When talking with people in the Portland, Oregon tech scene I hear the same thing all the time. “We are always looking for developers. We are hiring and can’t find anyone. If you know anyone looking….”. Folks claim there are more jobs than developers in this town, but is that entirely accurate? Is it as bad as it seems?
The Portland Tech Scene
First I should probably tell you about my impressions of the Portland tech scene. It’s not representative of the industry in general, nor is it even applicable to other parts of the country but merely my observation of what’s happening here in Portland, Oregon.
- We have a lot of talent here.
- Our startup scene is exploding.
- Our “Old school” businesses are thriving.
- Companies are migrating here.
- Innovation is happening here.
- Both open source and proprietary system developers are in demand.
All of these points are hard to argue and they point to a potential talent shortage, I don’t argue that there is one. We’re clearly in the middle of a bubble as well, like most of the world. But is it as bad as it seems? I don’t think so.
I would argue that the talent shortage in Portland is not nearly what some people would make it out to be, and suspect it’s like that in other parts of the country and even the world.

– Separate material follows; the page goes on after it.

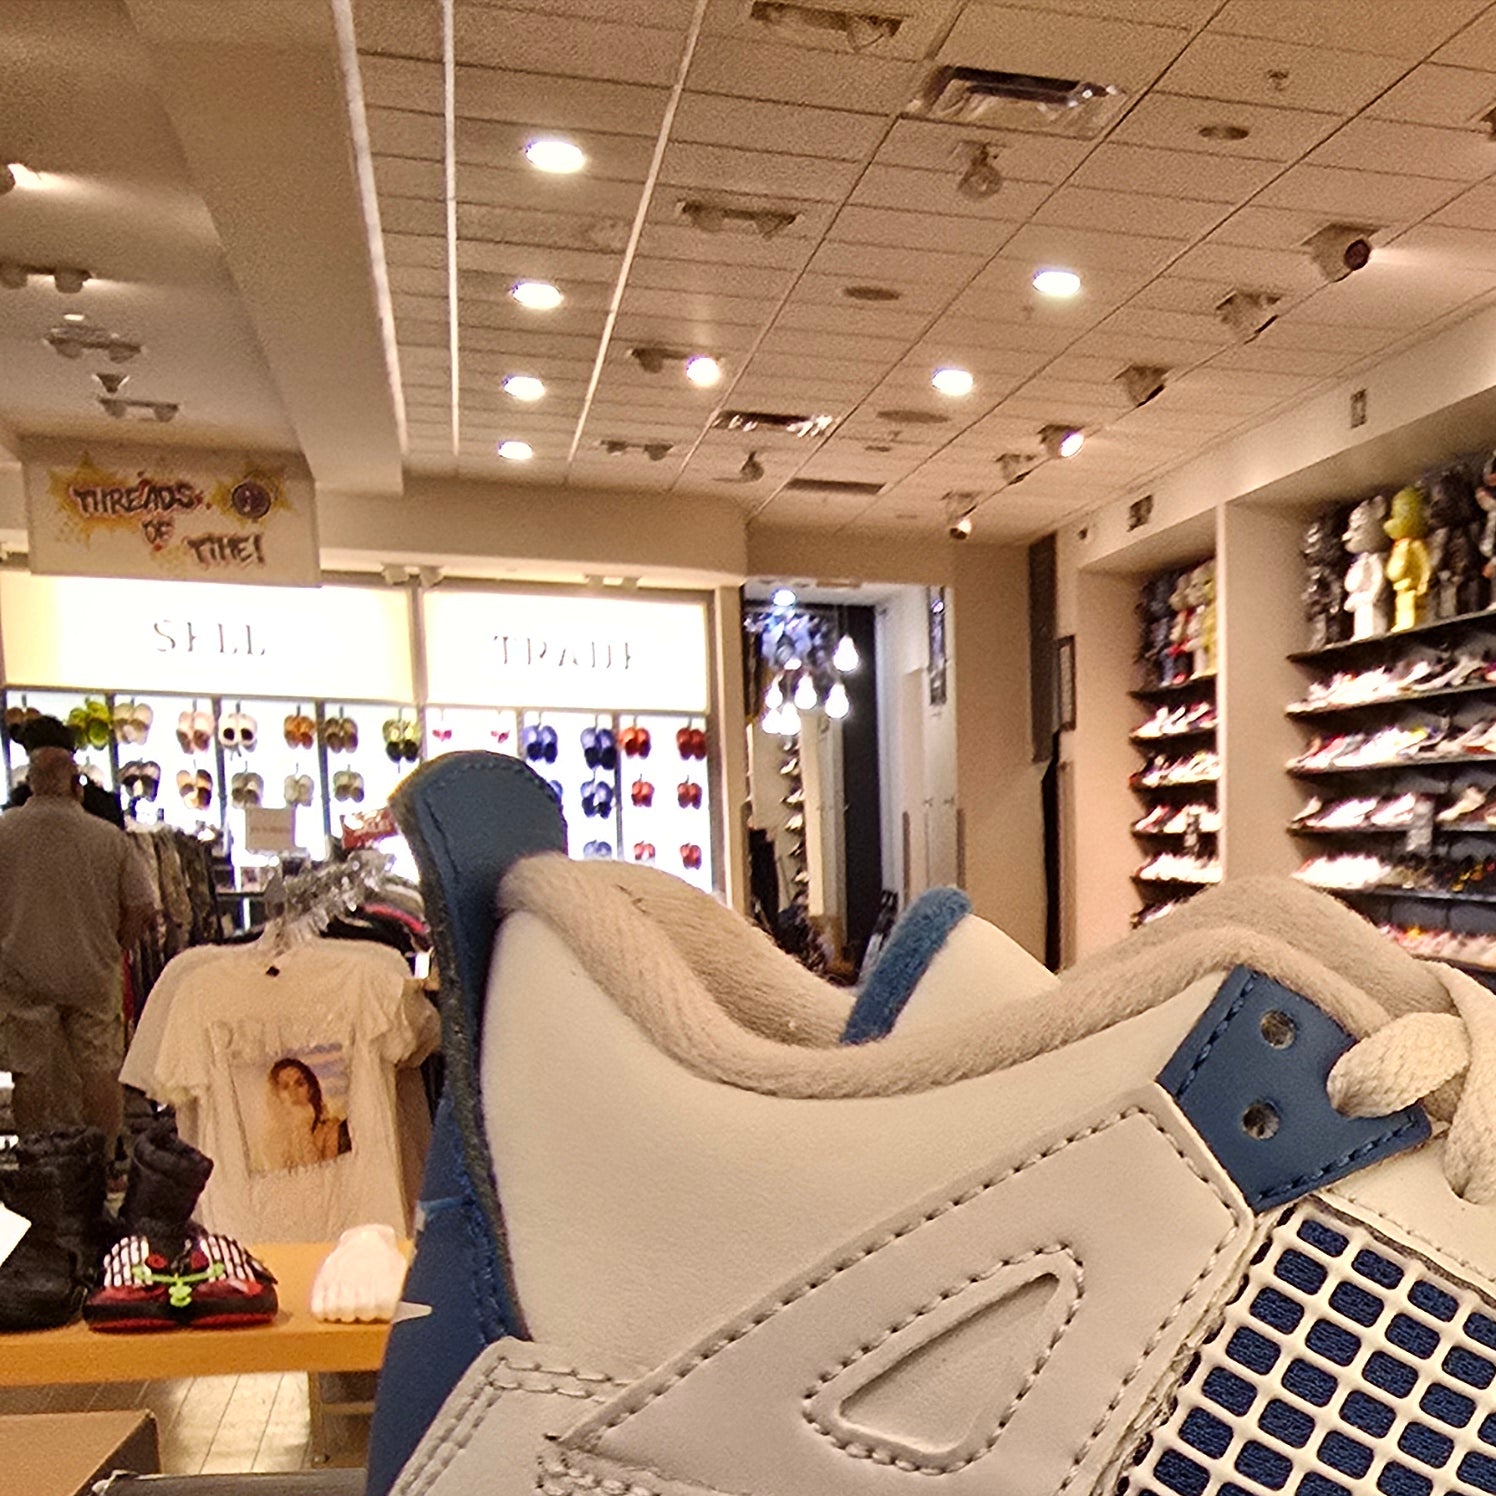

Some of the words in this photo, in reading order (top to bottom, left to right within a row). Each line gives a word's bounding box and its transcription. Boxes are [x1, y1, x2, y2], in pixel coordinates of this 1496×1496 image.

[71, 480, 197, 515] THREADS
[142, 518, 174, 544] OF
[153, 618, 266, 656] SELL
[493, 635, 632, 671] TRADE

Why can’t you find good talent?
If you ask most people around here why they can’t find good talent, the answers are generally the same, depending on who you ask. The most common one of course is:
There simply aren’t enough developers in Portland.

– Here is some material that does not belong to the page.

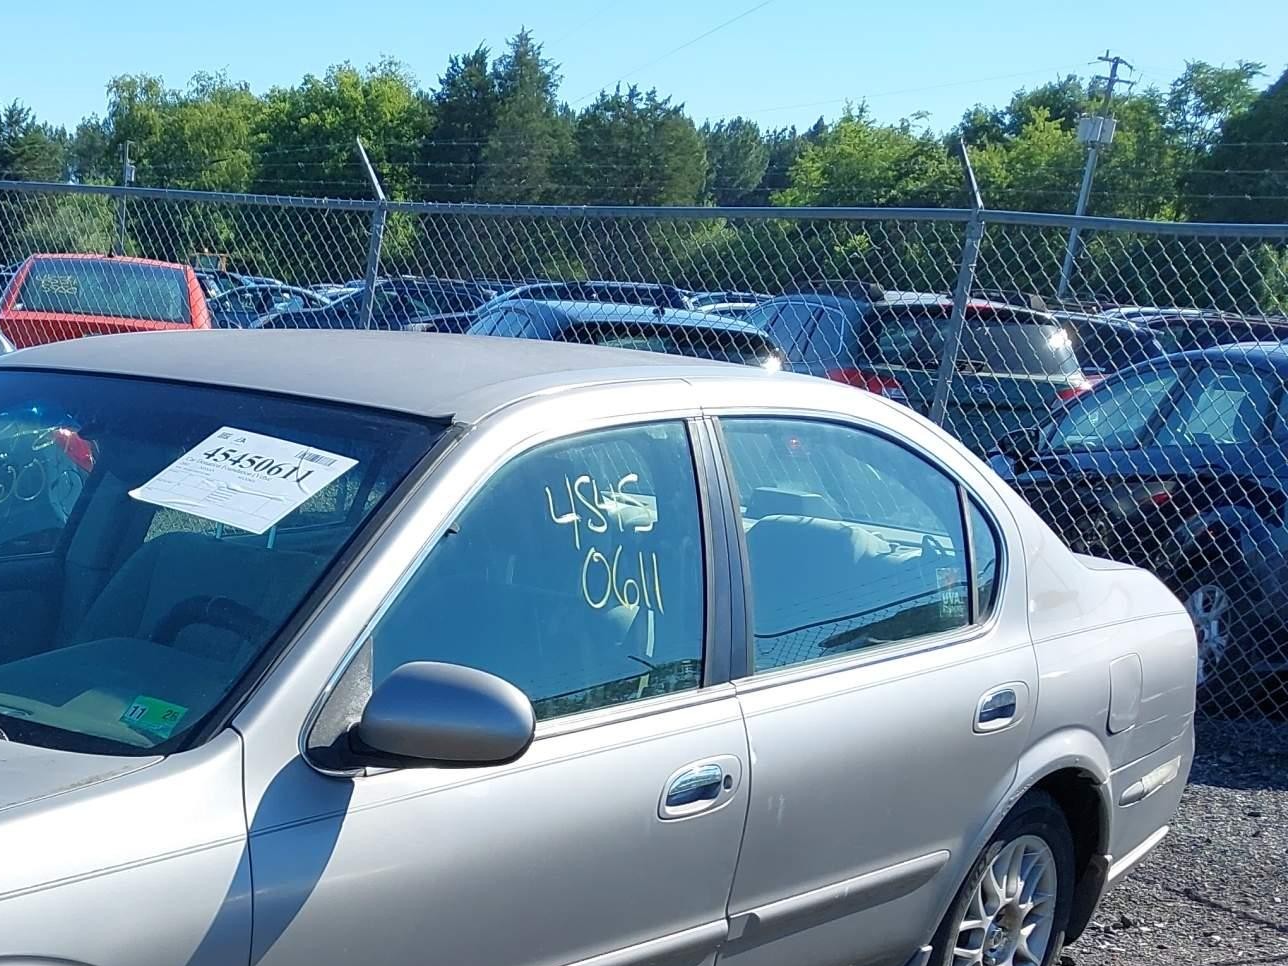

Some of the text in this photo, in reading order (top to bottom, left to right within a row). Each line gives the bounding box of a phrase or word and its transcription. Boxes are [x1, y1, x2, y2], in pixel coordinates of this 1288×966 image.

[203, 446, 315, 482] 45450611
[544, 472, 655, 550] 4545
[582, 545, 665, 615] 0611
[129, 705, 146, 720] 11

Which is not entirely true. There are lots of developers in Portland, and many of them are out of work, or freelancing. Here are some other more realistic reasons companies aren’t finding developers:
- They aren’t offering enough money (not always the company’s fault)
- The company environment sucks. (Not the recruiter’s fault)

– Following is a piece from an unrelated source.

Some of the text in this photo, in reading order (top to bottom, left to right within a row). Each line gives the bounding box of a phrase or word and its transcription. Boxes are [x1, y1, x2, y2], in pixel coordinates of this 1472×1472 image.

- You have an idiot making the hiring decisions. (The company’s fault)
Out of all of these possibilities, which one do you think happens the most? I’m going to guess it’s number 3, and I’ll explain why.
I won’t go into a lot of detail about the first two because there are companies that can’t afford to offer programmers six figure salaries, so they pay what they can and attract whatever talent they can. There’s not a lot they can do about it.
Company environment is another thing that’s not something a recruiter or even manager can control much of the time, so they’re stuck. If your environment sucks, you have to live with the fact that much of your talent will decline to work for you in this economy.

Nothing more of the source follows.